Once the line containing "this 2364×1568 image." is reached, copy it and every line after it exactly, to the end of the material, without pictures.

»»

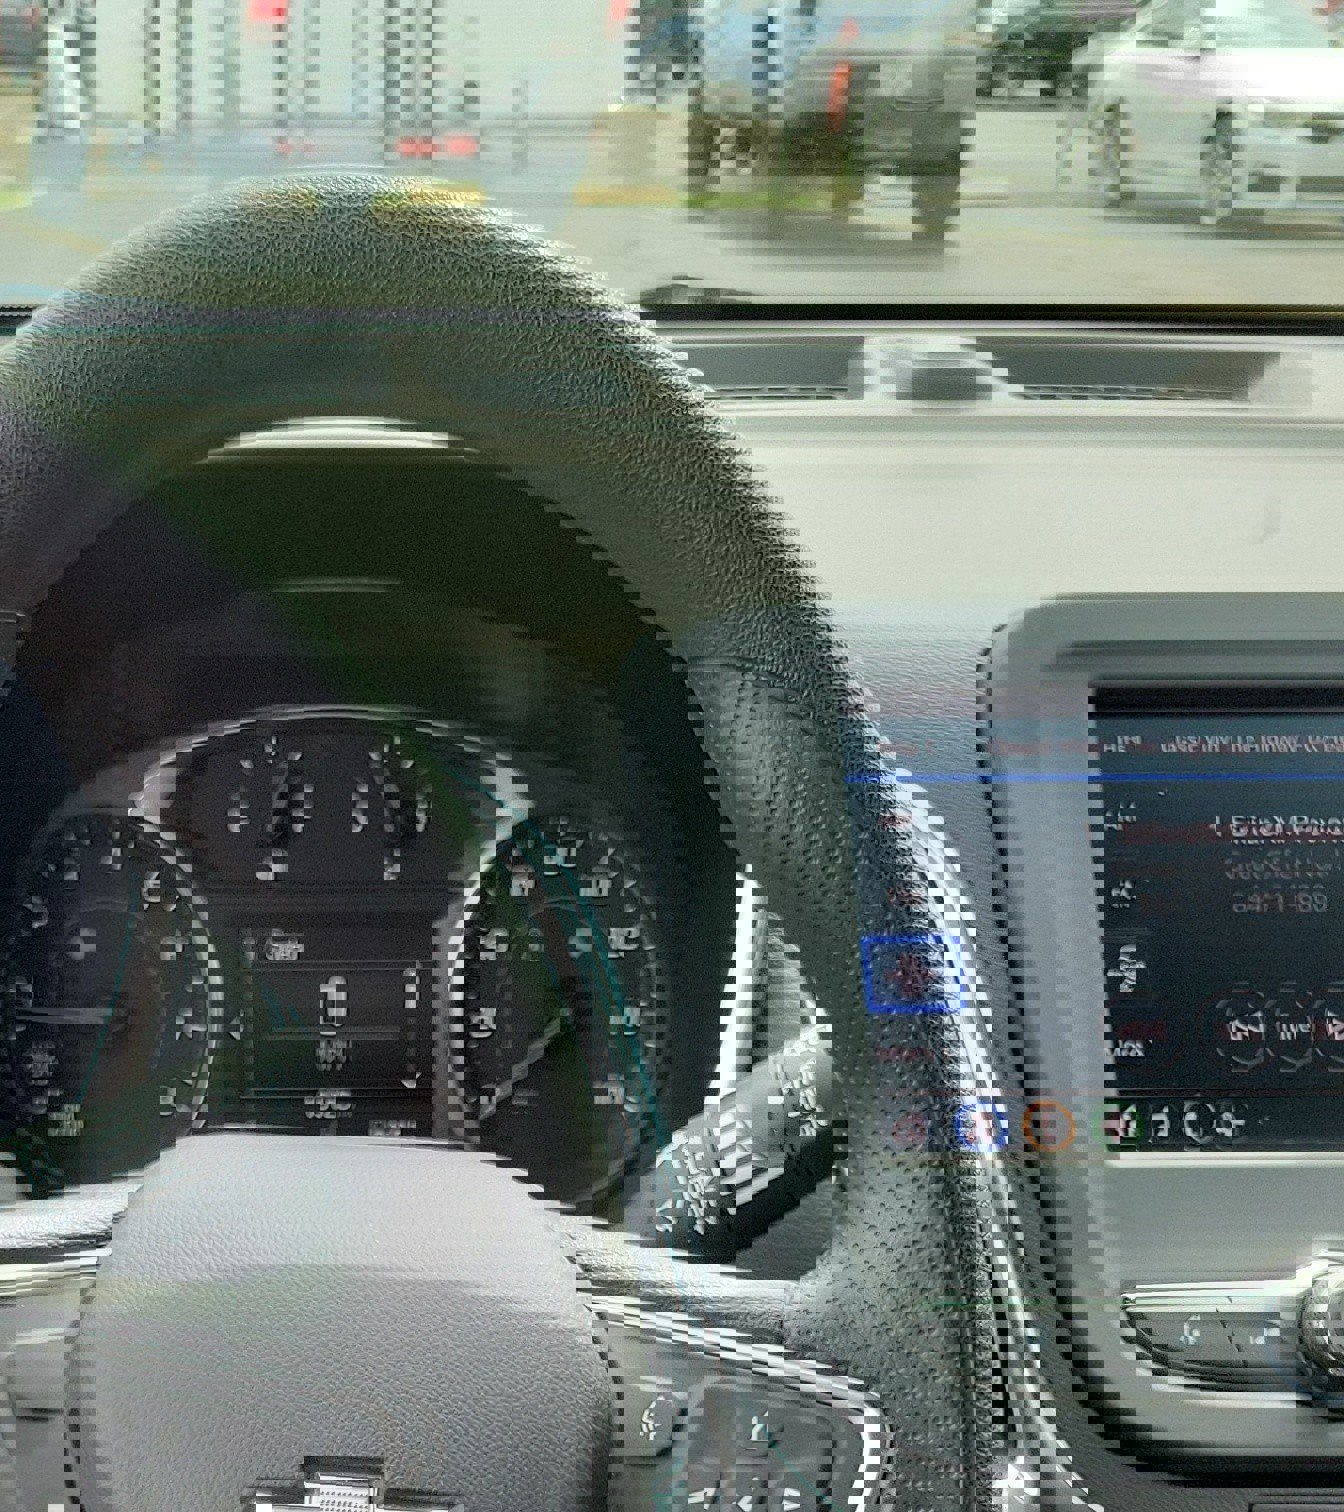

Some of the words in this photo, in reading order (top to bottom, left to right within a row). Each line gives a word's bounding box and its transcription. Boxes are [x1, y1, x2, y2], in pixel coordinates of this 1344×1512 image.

[876, 737, 919, 758] Hits
[984, 736, 1056, 758] Classic
[1058, 736, 1108, 761] Vinyl
[1119, 736, 1160, 757] The
[1164, 735, 1252, 760] Highway
[1258, 735, 1304, 755] FOX
[877, 811, 916, 832] AM
[1080, 818, 1095, 846] 1
[1117, 818, 1238, 846] SiriusXM
[1112, 856, 1181, 881] Great
[1187, 856, 1254, 880] Offer
[1262, 856, 1326, 880] Now!
[886, 886, 923, 909] FM
[1135, 891, 1312, 916] 844-711-8800
[1211, 1021, 1264, 1043] Tune
[878, 1043, 937, 1065] More
[248, 1060, 286, 1094] OFF
[254, 1086, 291, 1119] INT
[265, 1112, 301, 1142] ON
[36, 1171, 70, 1204] INT
[44, 1193, 79, 1224] OFF
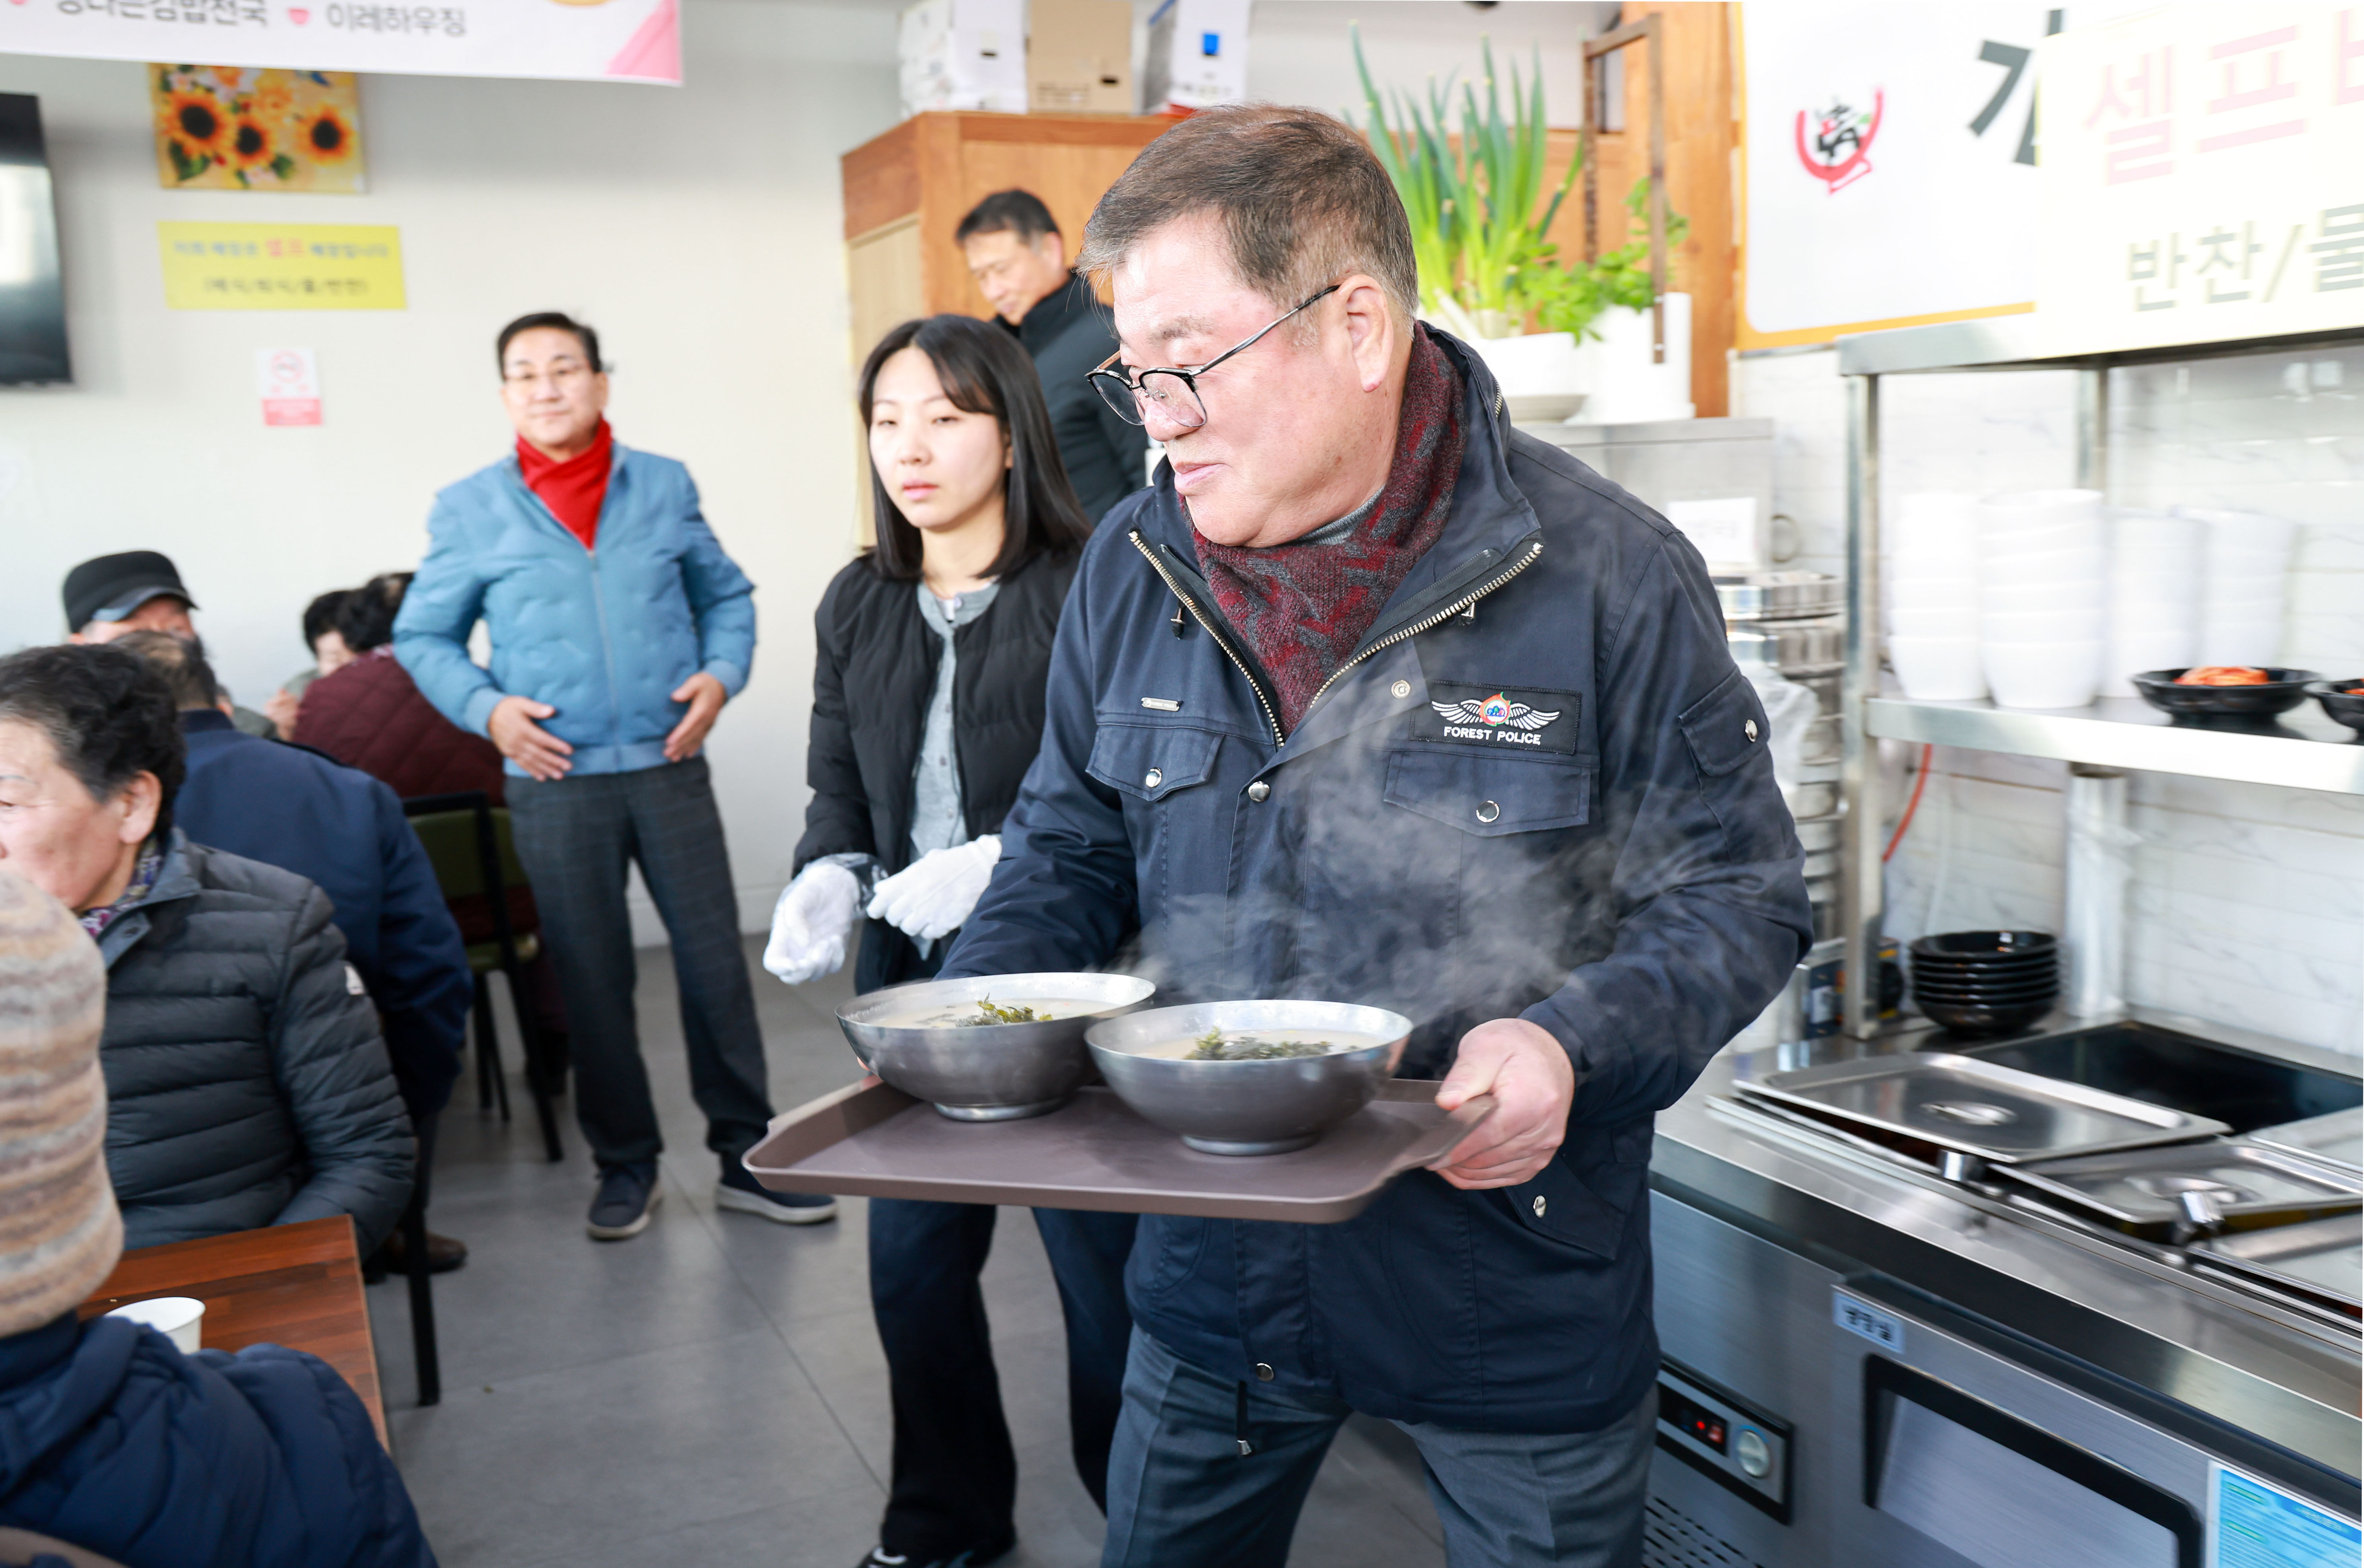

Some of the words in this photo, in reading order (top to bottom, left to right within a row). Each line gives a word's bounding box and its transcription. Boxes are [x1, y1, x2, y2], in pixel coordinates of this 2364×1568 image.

[327, 3, 465, 35] 이레하우징
[1443, 725, 1492, 740] FOREST
[1496, 731, 1541, 745] POLICE
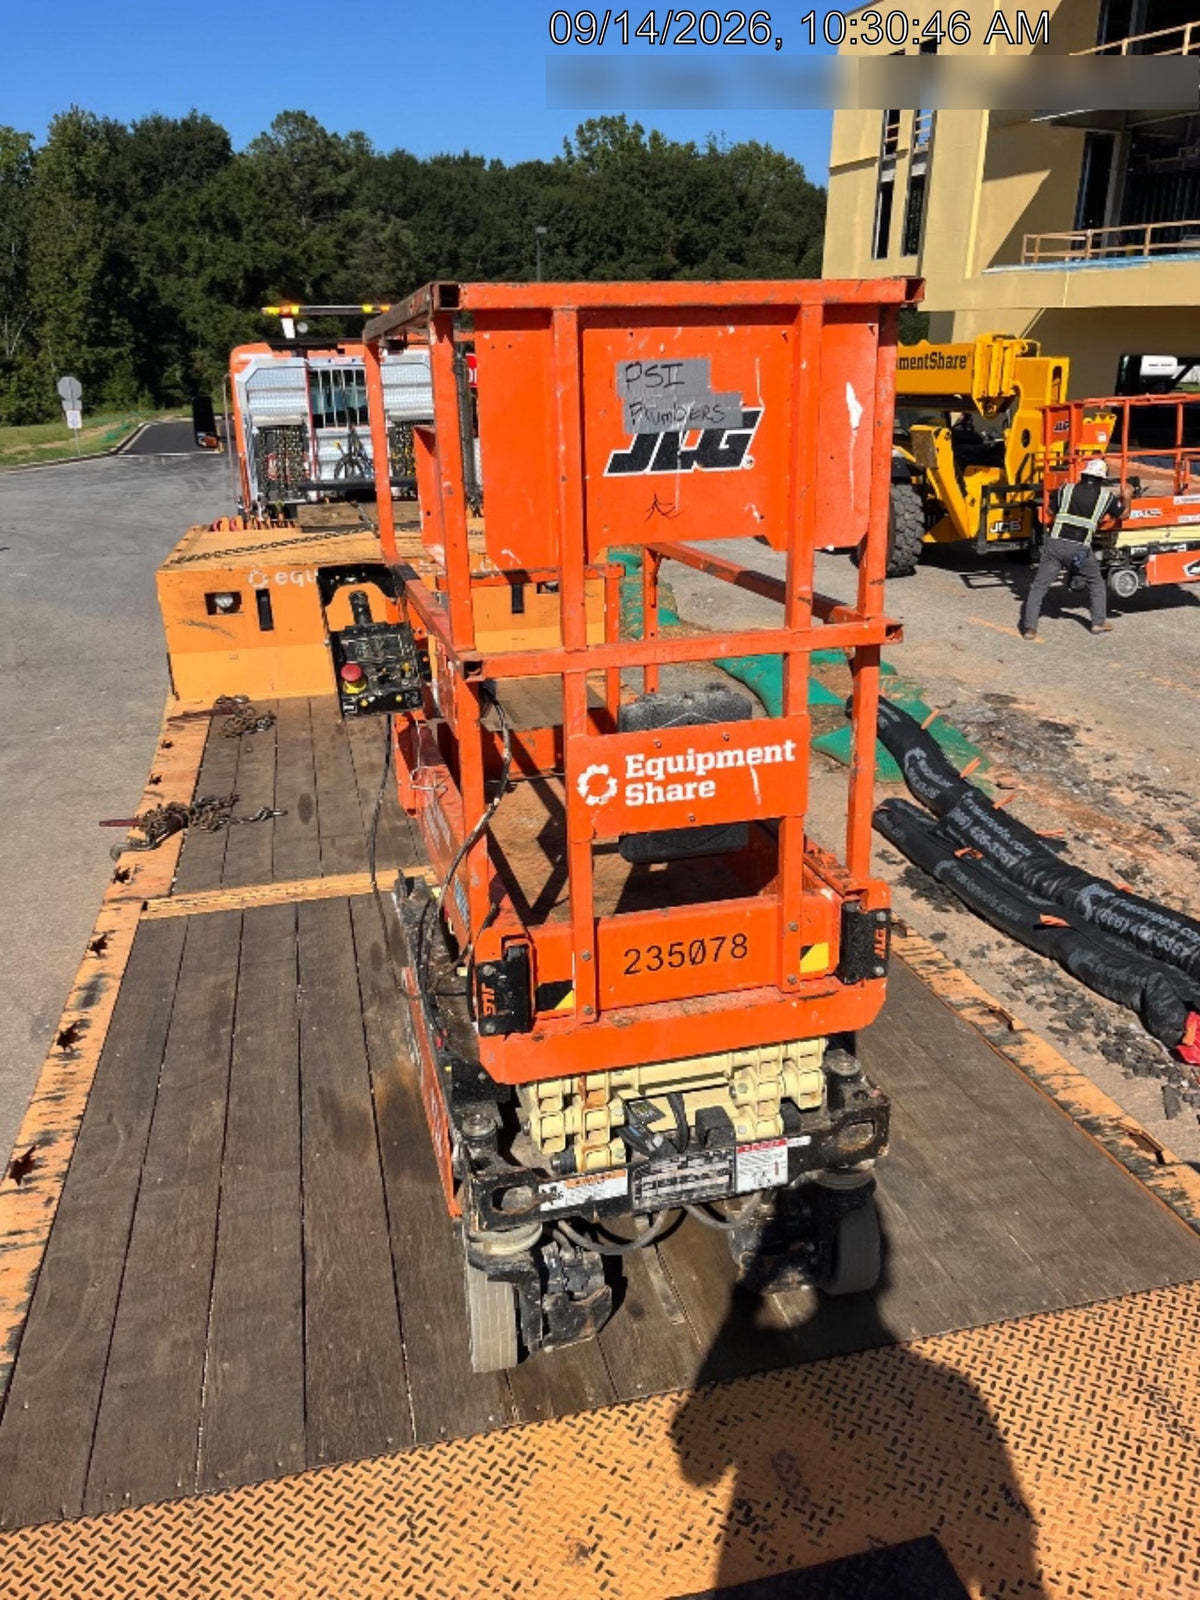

««

TASK RESULT:
Some of the words in this photo, in reading order (top to bottom, left to right within a row). Each line gives a word's bounding box and its transcription. Boxes are [x1, y1, x2, y2], in pixel coordinates of this 2364×1568 image.

[327, 3, 465, 35] 이레하우징
[1443, 725, 1492, 740] FOREST
[1496, 731, 1541, 745] POLICE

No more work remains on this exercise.